El presente escrito comienza con una pregunta por los complejos vínculos entre
práctica psicoanalítica e institución pública de salud, y sitúa como norte la interrogación
sobre la posición de analista en la escena institucional.
La perspectiva desde la que se realiza el recorrido teórico se basa en un
psicoanálisis entendido a partir de los conceptos introducidos por Sigmund Freud y
Jacques Lacan. Se parte de la distinción freudiana psicoanálisis puro/impuro, para
cuestionar la idea de que el psicoanálisis tendría un territorio propio por oposición a un
territorio ajeno.
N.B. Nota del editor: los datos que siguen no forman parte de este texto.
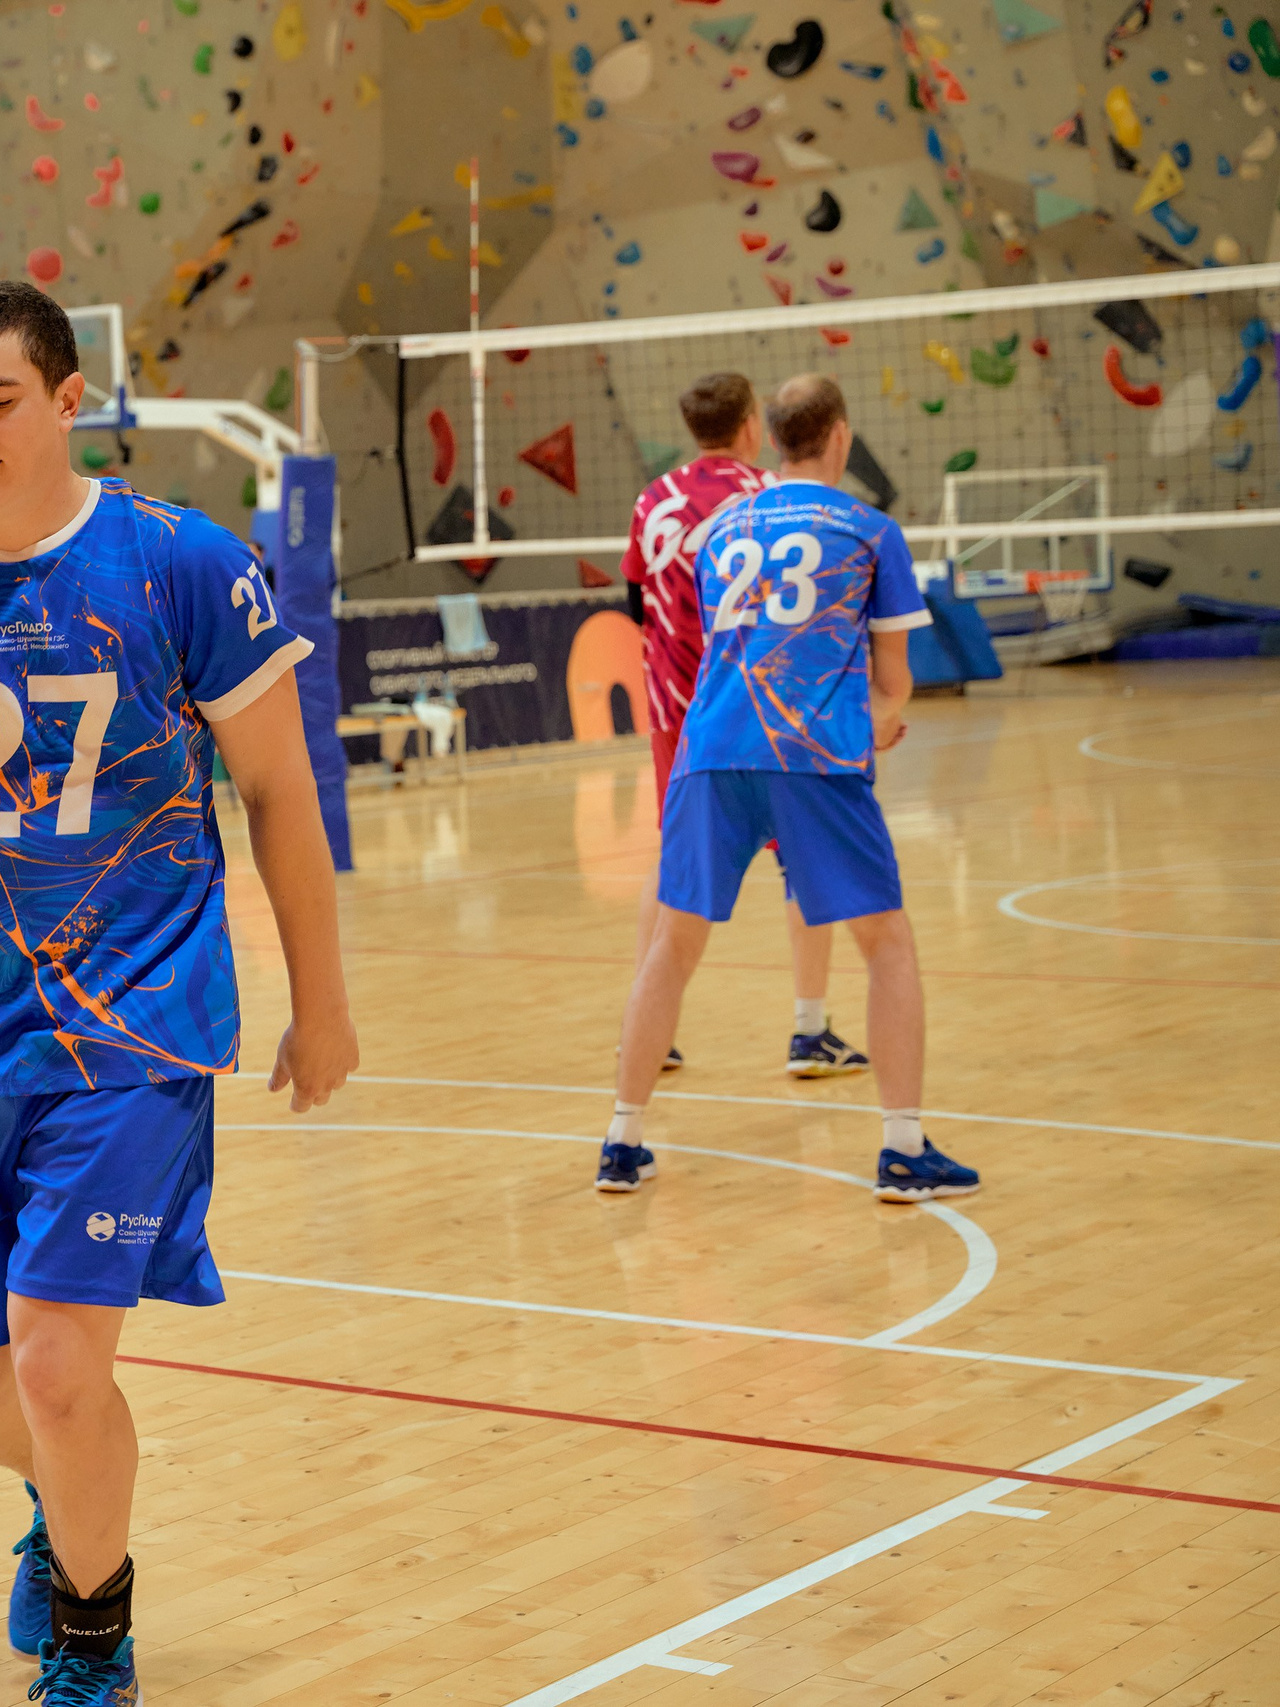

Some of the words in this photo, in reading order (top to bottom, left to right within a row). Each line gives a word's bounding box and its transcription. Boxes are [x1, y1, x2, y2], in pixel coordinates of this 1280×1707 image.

Este cuestionamiento se aborda a partir de pensar el modo de relación
del analista al saber. Se enuncia que ante la demanda institucional de saber el analista se
sostiene en un no-saber, un saber que permite soportar lo imposible de saber. Con
respecto a la transferencia, se descubren dos caminos divergentes. El primero es
denominado camino de la significación alienada, e implica reducir el análisis al influjo
sugestivo o al mero vencimiento de las resistencias. El segundo camino es el de la
emergencia del sujeto, relacionado con la ética del psicoanálisis.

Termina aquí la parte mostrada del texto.